(Items from a dataset)
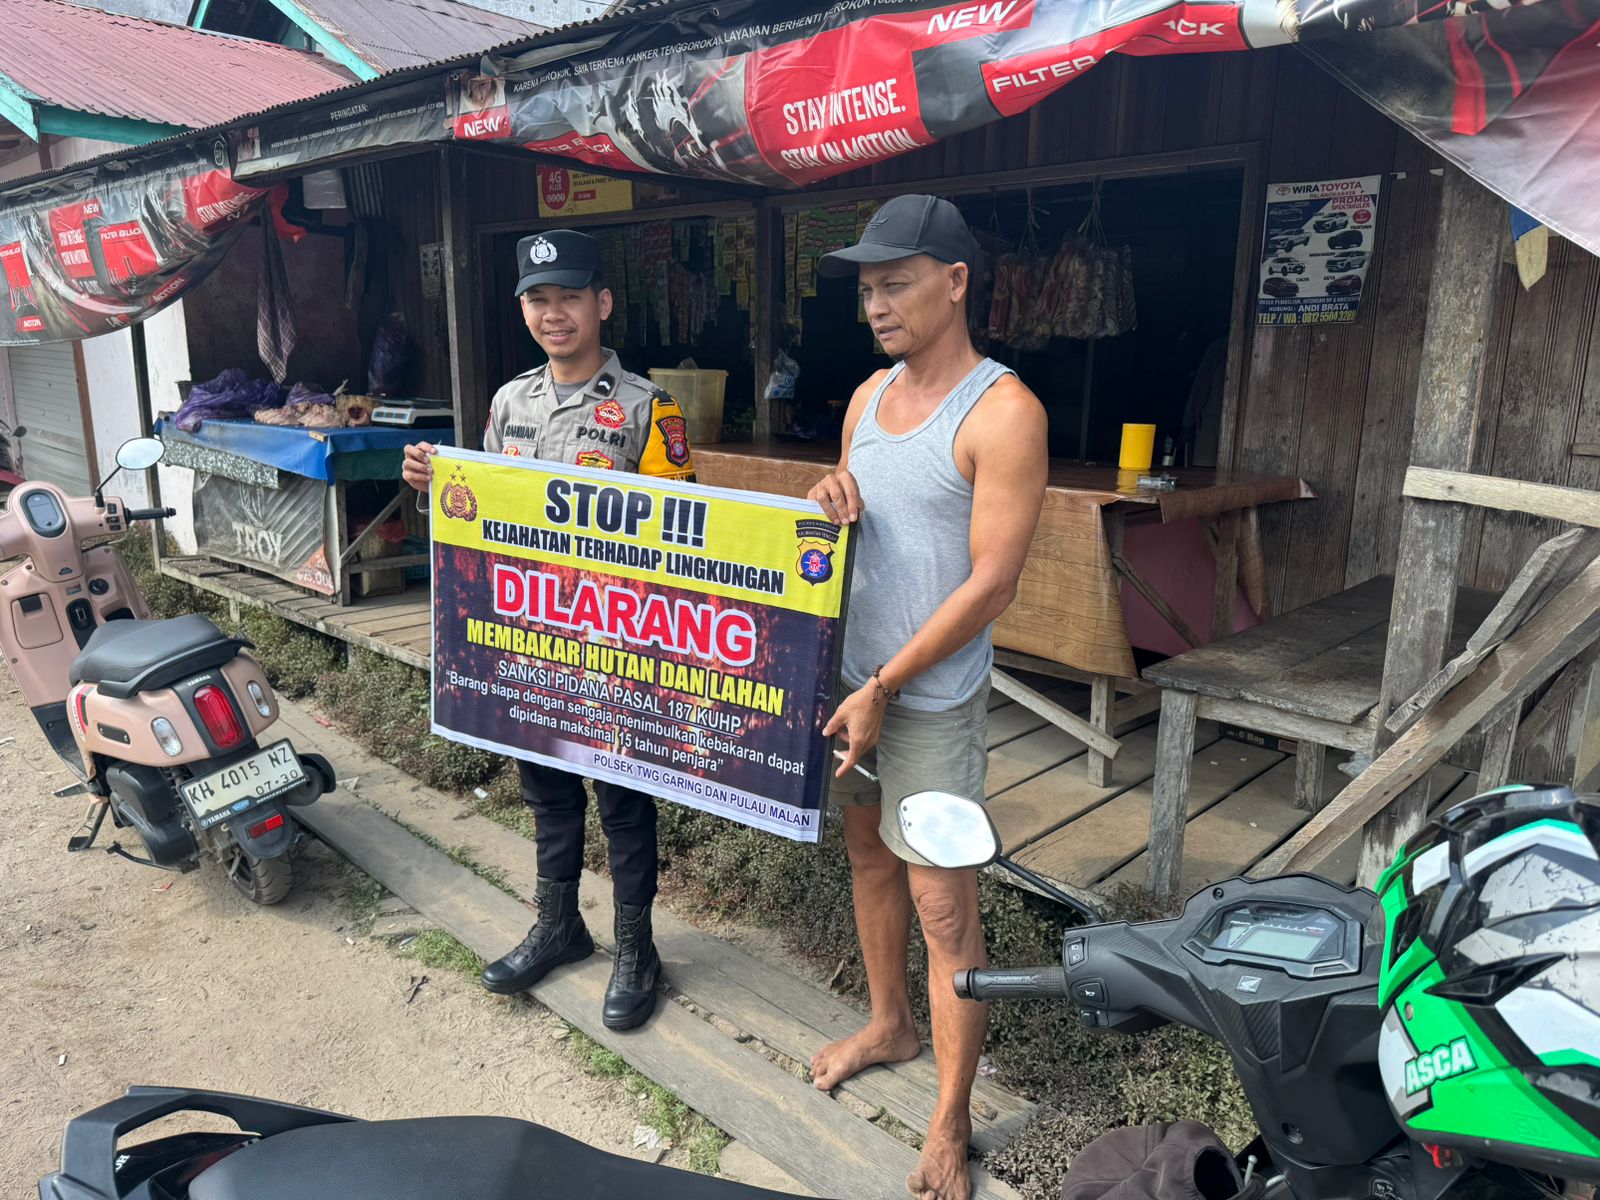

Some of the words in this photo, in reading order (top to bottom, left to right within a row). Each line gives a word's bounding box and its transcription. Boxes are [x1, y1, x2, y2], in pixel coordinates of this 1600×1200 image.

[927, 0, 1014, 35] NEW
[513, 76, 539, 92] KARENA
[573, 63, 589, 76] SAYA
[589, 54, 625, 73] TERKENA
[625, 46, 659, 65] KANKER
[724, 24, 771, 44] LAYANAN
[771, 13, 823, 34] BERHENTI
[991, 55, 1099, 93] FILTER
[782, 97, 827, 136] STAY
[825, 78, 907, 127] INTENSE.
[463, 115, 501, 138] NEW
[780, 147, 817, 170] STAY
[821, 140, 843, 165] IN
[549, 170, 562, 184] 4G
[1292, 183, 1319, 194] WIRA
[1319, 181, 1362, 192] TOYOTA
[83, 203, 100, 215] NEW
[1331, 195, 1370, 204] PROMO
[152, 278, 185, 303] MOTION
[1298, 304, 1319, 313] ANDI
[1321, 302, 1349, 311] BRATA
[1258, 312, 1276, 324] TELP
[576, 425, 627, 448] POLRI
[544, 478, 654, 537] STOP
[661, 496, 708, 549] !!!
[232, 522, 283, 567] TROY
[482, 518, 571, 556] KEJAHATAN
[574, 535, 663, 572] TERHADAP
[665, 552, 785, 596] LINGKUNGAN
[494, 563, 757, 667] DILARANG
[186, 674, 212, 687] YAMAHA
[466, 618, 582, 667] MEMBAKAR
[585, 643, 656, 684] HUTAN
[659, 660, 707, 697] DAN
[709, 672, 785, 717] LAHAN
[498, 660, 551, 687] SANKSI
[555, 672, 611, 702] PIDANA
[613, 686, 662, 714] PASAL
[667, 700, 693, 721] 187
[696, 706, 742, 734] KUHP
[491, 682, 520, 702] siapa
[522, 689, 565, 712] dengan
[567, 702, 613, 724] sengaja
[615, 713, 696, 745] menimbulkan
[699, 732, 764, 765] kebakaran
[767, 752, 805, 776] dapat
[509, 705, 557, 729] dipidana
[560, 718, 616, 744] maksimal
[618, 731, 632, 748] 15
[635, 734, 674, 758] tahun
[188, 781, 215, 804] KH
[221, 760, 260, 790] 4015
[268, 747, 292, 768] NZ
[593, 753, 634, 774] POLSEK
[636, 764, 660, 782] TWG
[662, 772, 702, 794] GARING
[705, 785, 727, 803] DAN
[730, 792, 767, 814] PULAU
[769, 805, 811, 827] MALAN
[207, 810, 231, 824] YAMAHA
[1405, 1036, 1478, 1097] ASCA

* * *

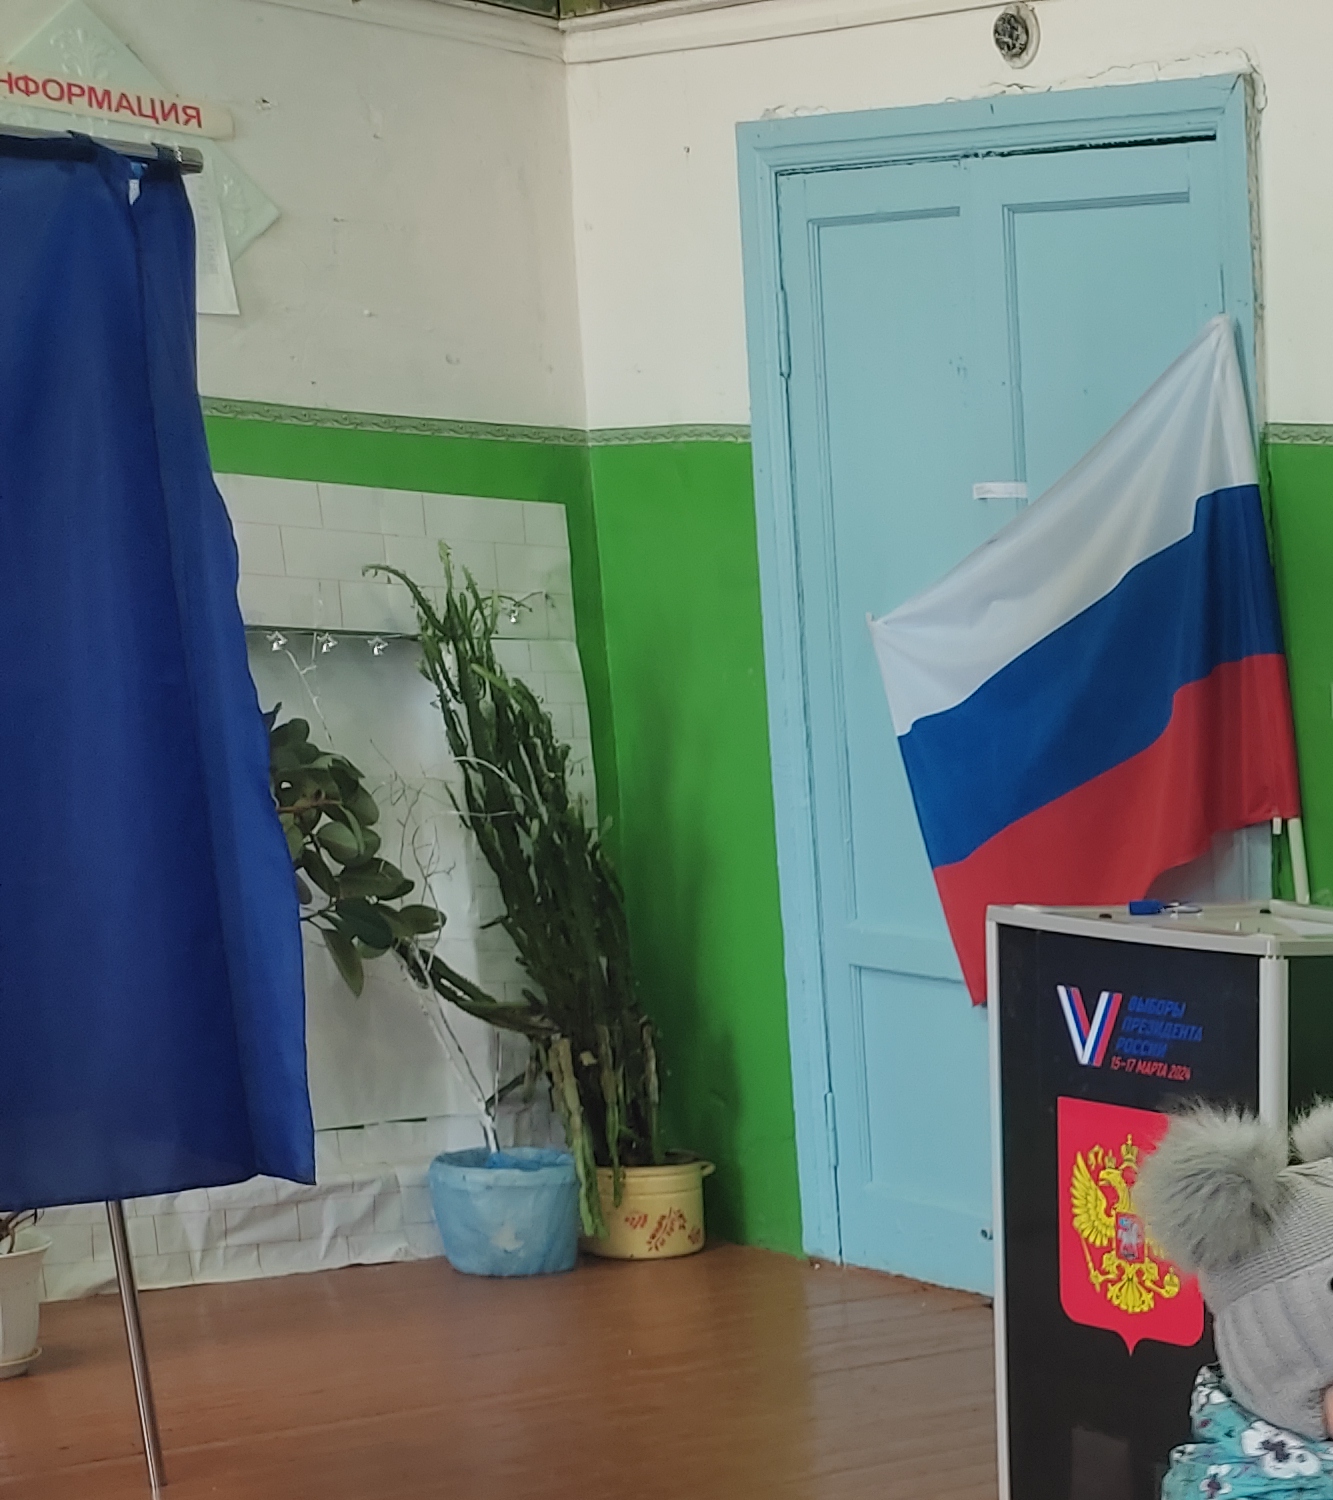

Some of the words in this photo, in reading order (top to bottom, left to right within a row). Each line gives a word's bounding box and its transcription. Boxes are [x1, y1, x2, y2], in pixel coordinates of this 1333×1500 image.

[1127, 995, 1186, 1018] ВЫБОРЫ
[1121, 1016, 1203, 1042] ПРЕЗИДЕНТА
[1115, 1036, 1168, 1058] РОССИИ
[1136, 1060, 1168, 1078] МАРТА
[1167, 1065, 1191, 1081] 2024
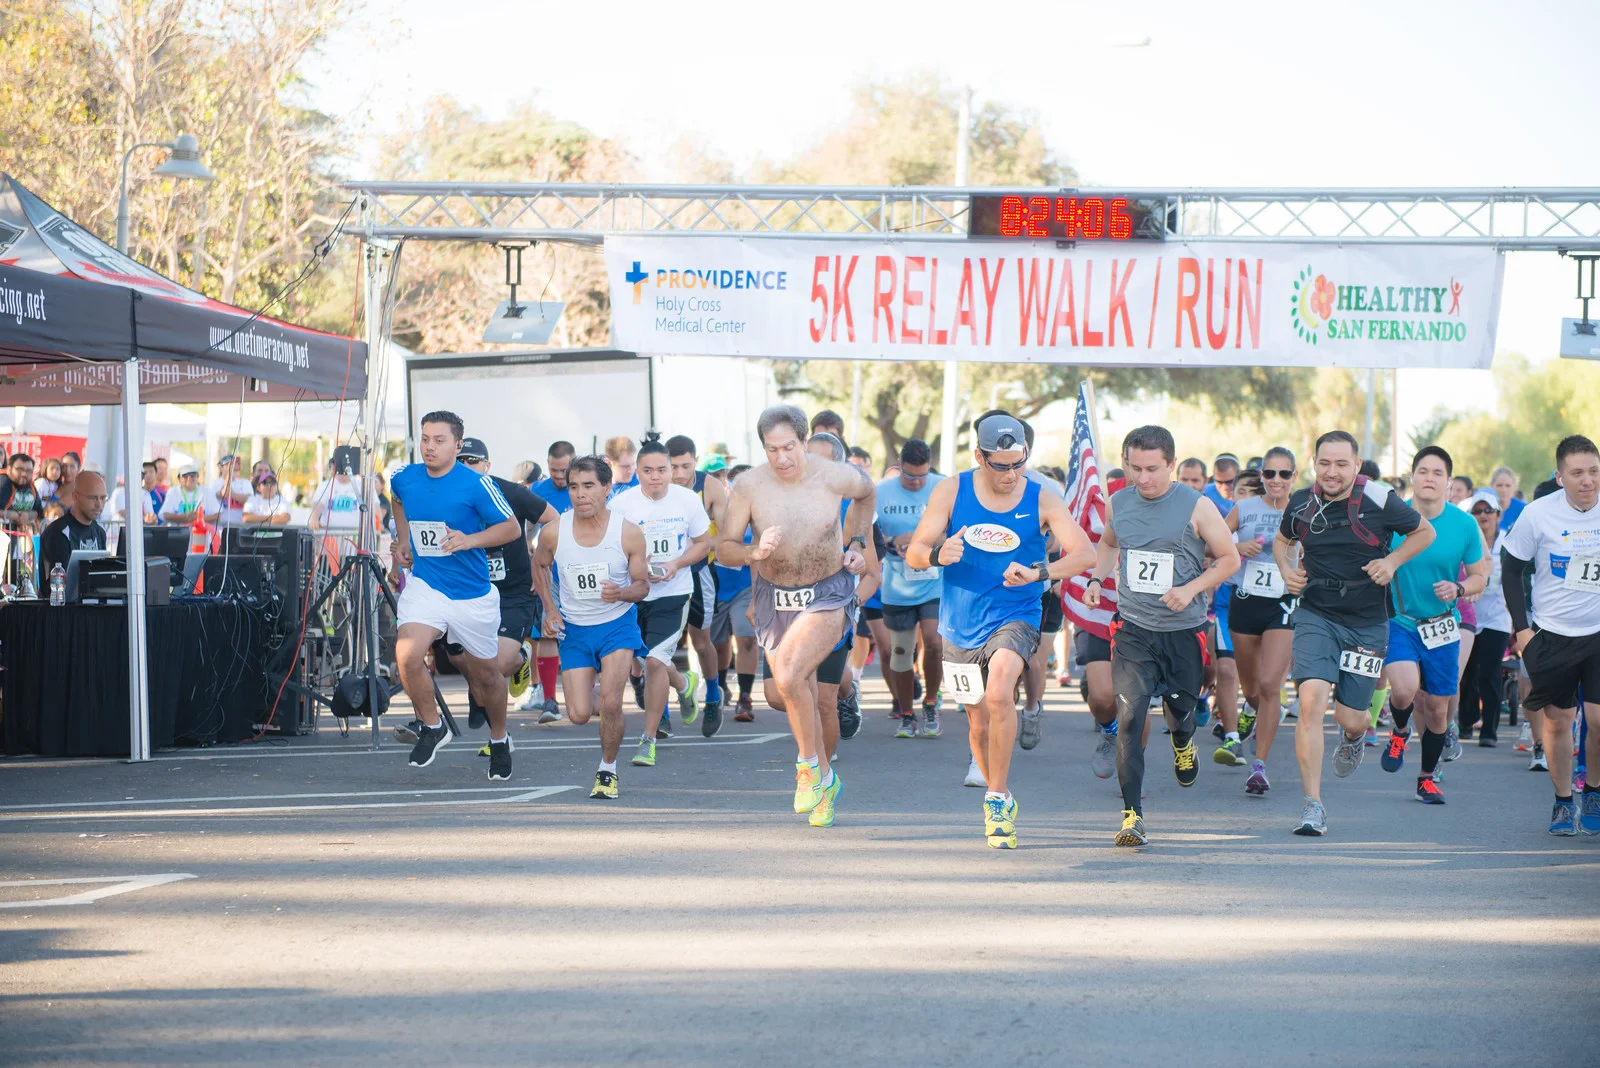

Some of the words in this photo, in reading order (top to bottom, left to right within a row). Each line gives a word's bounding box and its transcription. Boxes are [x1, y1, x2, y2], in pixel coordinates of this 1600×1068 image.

* * *

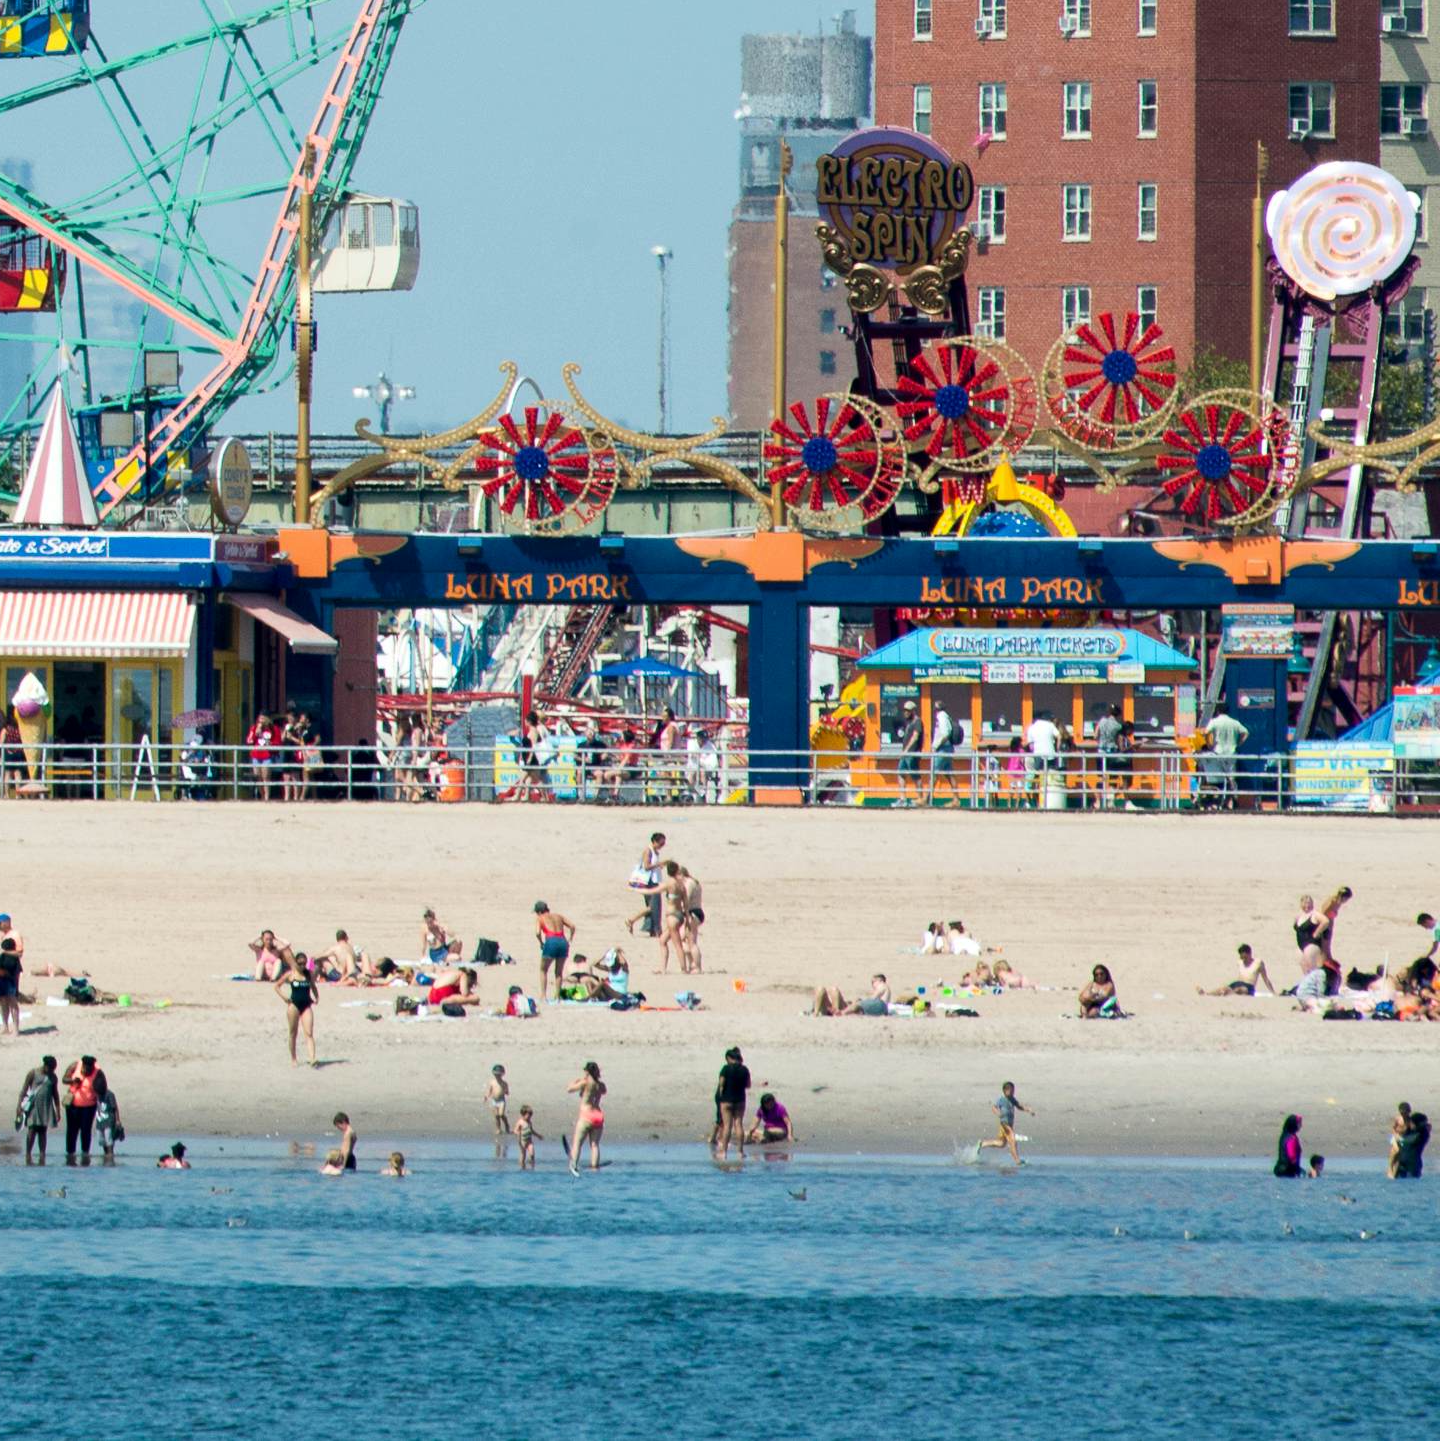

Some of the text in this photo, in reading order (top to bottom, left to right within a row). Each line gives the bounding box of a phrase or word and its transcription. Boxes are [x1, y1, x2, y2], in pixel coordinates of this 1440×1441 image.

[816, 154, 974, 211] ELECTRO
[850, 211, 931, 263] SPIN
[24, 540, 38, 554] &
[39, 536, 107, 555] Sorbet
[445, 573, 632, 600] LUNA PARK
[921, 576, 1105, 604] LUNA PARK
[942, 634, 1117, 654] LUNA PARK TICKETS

(Task objective) Using the records above, return word for word the lines that begin at the one containing "this 1333×1500 image." and end at the one containing "this 1600×1068 image.", both of them included and no pictures.

(Problem solution)
Some of the words in this photo, in reading order (top to bottom, left to right within a row). Each line gives a word's bounding box and its transcription. Boxes are [x1, y1, x2, y2], in pixel coordinates of this 1333×1500 image.

[1127, 995, 1186, 1018] ВЫБОРЫ
[1121, 1016, 1203, 1042] ПРЕЗИДЕНТА
[1115, 1036, 1168, 1058] РОССИИ
[1136, 1060, 1168, 1078] МАРТА
[1167, 1065, 1191, 1081] 2024

Some of the words in this photo, in reading order (top to bottom, left to right within a row). Each line gives a word's bounding box and its transcription. Boxes are [x1, y1, x2, y2], in pixel coordinates of this 1600×1068 image.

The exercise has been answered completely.